Given that they fly like 300 ft+ up in the air, they both hit terminal velocity.
Just a side note: Actual "terminal velocity" requires a fall of about 5 times that height and 15 seconds. D&D's 200 foot fall damage cap has never made much sense unless you assume fantasy settings have low gravity and very thick air (which I guess could explain something about dragons). :)
 

You must be new to D&D. I don't mean that as an insult. The way I described it was pretty much status quo for the first 25 years of D&D, and still is the way a whole lot of people play. It's the entire premise behind what's called "a living world"

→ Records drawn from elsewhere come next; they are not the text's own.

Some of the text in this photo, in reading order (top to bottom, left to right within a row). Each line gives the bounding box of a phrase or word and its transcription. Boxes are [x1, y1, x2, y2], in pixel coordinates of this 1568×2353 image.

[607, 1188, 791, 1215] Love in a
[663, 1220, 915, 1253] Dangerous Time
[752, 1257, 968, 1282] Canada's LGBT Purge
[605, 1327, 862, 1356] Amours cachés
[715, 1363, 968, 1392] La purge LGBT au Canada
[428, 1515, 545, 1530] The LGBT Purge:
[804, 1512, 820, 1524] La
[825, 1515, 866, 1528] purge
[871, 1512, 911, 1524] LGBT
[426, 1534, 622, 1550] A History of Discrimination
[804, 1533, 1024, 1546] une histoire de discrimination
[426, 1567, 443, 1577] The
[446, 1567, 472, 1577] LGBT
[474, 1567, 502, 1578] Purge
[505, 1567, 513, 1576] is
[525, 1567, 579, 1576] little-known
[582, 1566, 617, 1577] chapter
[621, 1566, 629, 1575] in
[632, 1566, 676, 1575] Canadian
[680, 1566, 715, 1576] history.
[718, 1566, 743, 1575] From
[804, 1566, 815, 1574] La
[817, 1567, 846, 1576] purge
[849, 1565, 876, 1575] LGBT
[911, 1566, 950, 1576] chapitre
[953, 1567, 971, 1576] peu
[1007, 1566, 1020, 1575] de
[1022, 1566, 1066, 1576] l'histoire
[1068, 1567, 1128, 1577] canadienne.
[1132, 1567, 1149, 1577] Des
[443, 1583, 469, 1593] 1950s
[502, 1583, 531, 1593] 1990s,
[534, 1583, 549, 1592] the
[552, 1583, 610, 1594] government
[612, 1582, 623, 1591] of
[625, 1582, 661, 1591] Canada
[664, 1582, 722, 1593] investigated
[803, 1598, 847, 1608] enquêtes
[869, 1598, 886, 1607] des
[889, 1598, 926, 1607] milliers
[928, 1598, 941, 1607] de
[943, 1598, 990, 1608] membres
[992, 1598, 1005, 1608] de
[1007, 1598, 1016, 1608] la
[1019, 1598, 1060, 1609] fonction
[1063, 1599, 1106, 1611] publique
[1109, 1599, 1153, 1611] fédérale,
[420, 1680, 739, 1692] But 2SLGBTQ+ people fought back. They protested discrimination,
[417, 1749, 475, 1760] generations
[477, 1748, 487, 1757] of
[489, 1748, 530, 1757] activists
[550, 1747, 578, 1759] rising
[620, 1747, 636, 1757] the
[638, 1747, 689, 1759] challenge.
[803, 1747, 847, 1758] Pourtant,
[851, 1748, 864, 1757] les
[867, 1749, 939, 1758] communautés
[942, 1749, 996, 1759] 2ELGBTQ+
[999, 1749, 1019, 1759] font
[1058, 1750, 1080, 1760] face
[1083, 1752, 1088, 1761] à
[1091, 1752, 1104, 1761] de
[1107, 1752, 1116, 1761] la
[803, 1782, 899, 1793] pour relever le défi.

And a living world doesn't mean you let the players unwittingly roll into the end of the game. Living worlds are also rampantly non living. For instance you say hey if these guys walk into this dragon den they are dead, and it is their fault... Why in this living world is the dragon always there? Wouldn't it you know move from time to time, if only for the fun of hunting and killing things? The fact that the dragons will definitely all be there and awake decidedly makes the entire world non living. Living world just seems like a term people use to alleviate responsibility from themselves for presenting appropriate challenges to the players.
 

Just a side note: Actual "terminal velocity" requires a fall of about 5 times that height and 15 seconds. D&D's 200 foot fall damage cap has never made much sense unless you assume fantasy settings have low gravity and very thick air (which I guess could explain something about dragons). :)

No it assumes the planet is of a different size than the planet earth.